Usually, if the aggrieved party does not challenge the decision of the court during the first session of the case, the arbitrary decision is normally deemed null and void, after which the court will thereafter proceed with its work without compromise. Apart from Iraq being a signatory to the Arab league convention on judicial cooperation, it is also a signatory to the Geneva protocol on arbitration and from these treaties, the provisions (similar to article 253) are enforced because it provides for the stay of the proceedings (under the same conditions as explained in the previous paragraph).
Under Iraqi arbitration laws, procedural law is used as one of the applicable laws in arbitration. In accordance with article 265 of the CCP, all arbitration proceedings should be undertaken according to the procedural laws set out in the same act, unless the parties decide otherwise (meaning that the parties are at liberty to choose other procedural rules, such as the UNICITRAL arbitration rules). Other procedural regulations defined under the CCP, but of an optional nature may also be avoided by the parties, so long as they do not contravene the moral philosophy of the country.
Substantive law is also another applicable law under Iraqi arbitration proceedings which majorly defines the applicable law to be used in any given arbitration dispute. Disputes between two Iraqi parties are usually solved under Iraqi law but the major bone of contention arises when arbitrating foreign disputes in Iraq. Article 25 of the Iraqi civil code bears the answer to this question and it stipulates that:
“The contractual obligations shall be governed by the law of the state wherein lies the domicile of the contracting parties if they have a common domicile; where they have different domiciles the law of the state within which the contract was concluded will be applied unless the contracting parties have agreed otherwise or where it would be revealed from the circumstances that another law was intended to be applied”.
From the above analysis, we see that the Iraqi arbitration law allows for the use of foreign laws when one of the parties is out of the country. However, the application of such a law is subject to the moral philosophies of the country; in that, it shouldn’t go against moral provisions. This means that foreign laws are applicable in arbitration cases if they are not contrary to public order and Iraqi social morals. Majorly, these morals and public orders are defined by the Islamic and Sharia laws.

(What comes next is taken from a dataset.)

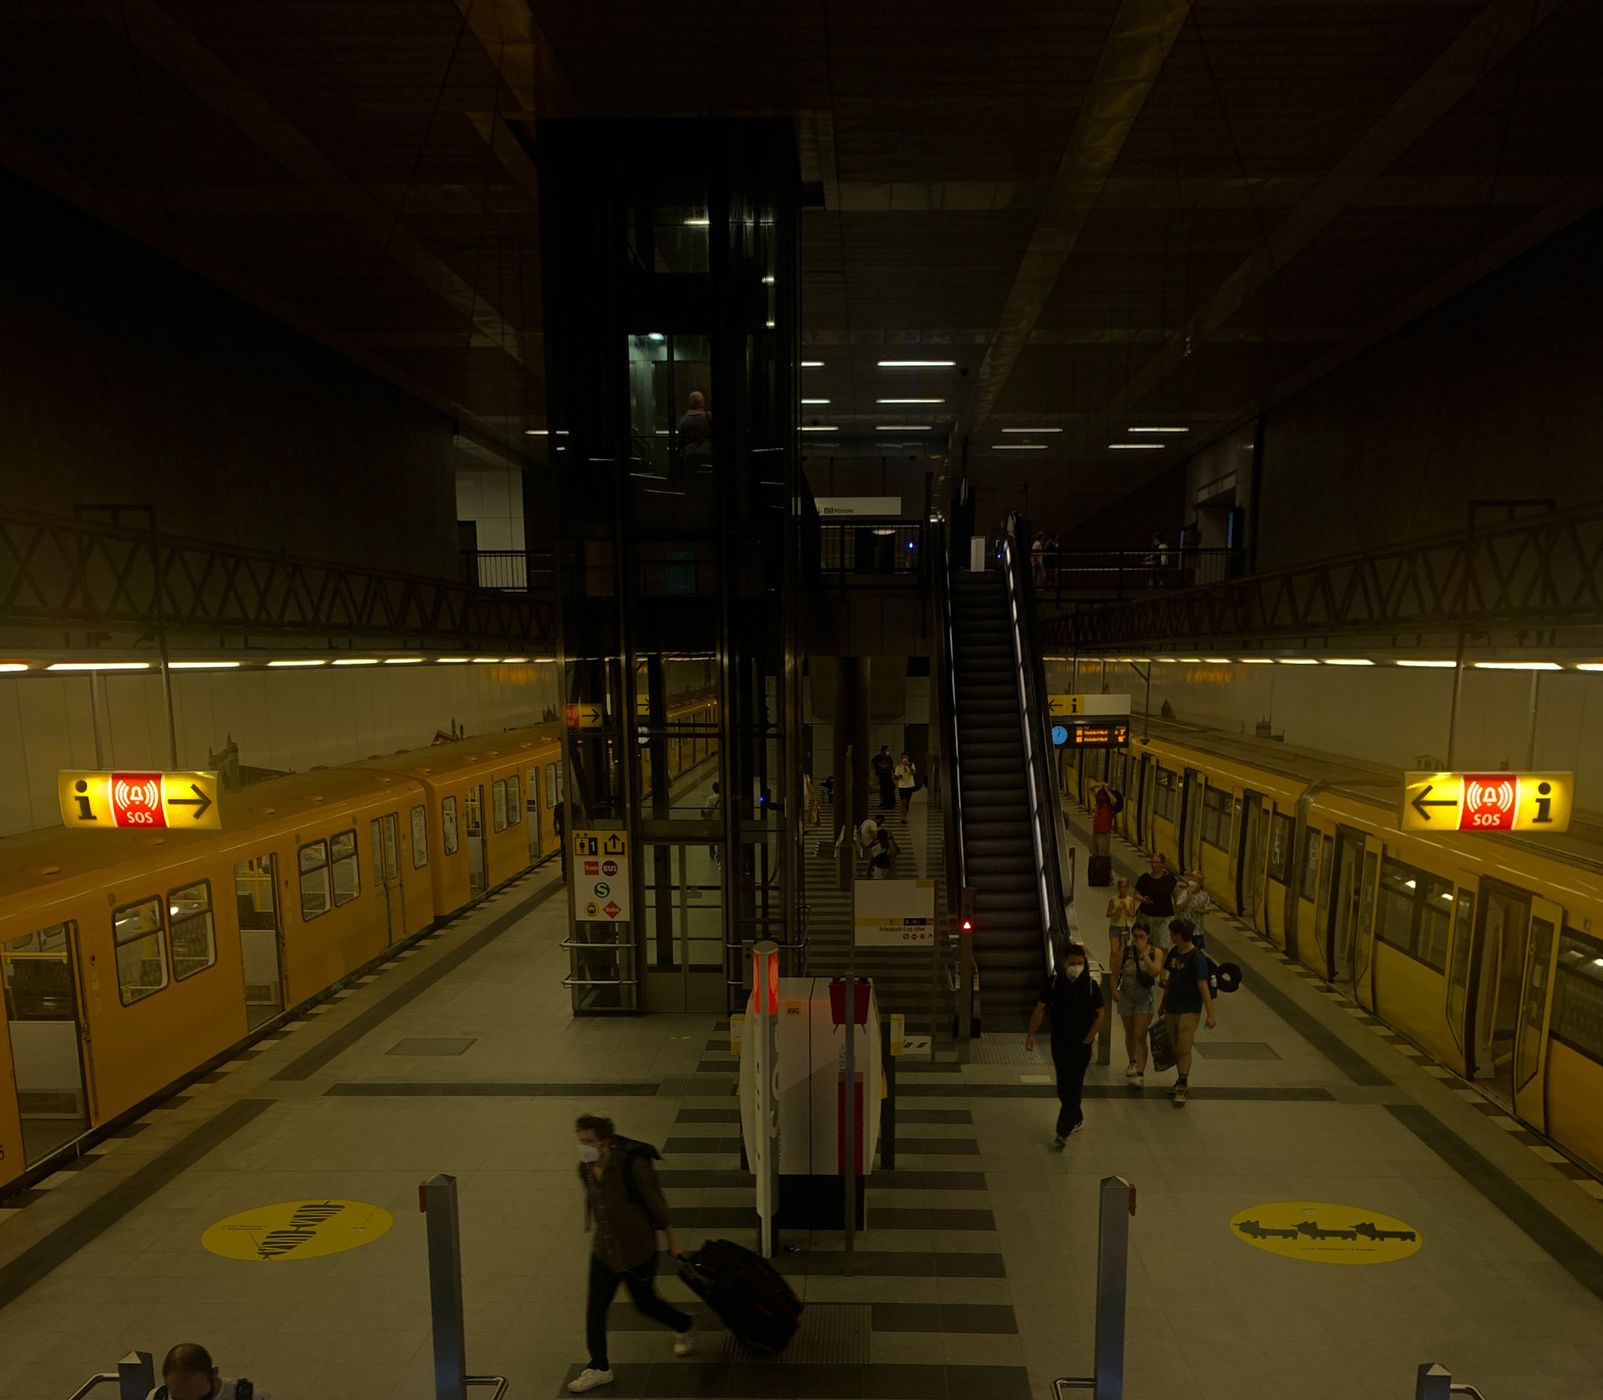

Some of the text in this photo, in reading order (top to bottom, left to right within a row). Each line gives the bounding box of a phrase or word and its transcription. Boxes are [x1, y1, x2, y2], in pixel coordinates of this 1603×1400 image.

In the declaration of awards, the Iraqi arbitration court often stipulates that the arbitrators give an award in due time, as stipulated by both parties and current arbitration laws. When parties fail to provide the arbitrators with a specific time period to do so, the arbitrators are usually bound by law to give an award within six months of the commencement of the case. The arbitrators are however limited to offering interim remedies during the course of arbitration (especially regarding cases to do with forgery and other criminal cases). Their powers are also limited; in that, they cannot give any specific punishment to any of the parties who fail to show up for the proceedings. However, in cases where such situations are experienced, the arbitrators have the option of stalling the proceedings and recommending that the parties seek legal redress to any outstanding issues (outside their mandate).
Nonetheless, when giving out an award, the arbitrators must usually come to a unanimous decision, but in instances where their number of arbitrators is uneven, the majority takes the day. Such awards should be written and referenced almost like a court ruling because like other arbitration awards in other countries, the Iraqi arbitration law recognizes awards with the same seriousness it does conventional judicial rulings.
In most cases, after an award is given, the parties take the liberty of enforcing it, although in rare cases (especially if one of the parties is dissatisfied), this may fail to happen. If this fails to happen, the court usually takes the mandate of examining the arbitrary award in a thorough way, to determine the form and laws applied in arriving at the award. Most of the time, this situation comes about when one of the parties is trying to buy time so as not to enforce the award. From this analysis, we note that Iraqi arbitration awards are unique; in that, they must be first confirmed by the court before any enforcement is done. In fact, Saleh affirms that for purposes of awards enforcement, one of the parties must apply to the court for confirmation. Upon confirmation by the court, the award is usually subject to enforcement and it becomes final and binding to all the parties so long as none of them appeals.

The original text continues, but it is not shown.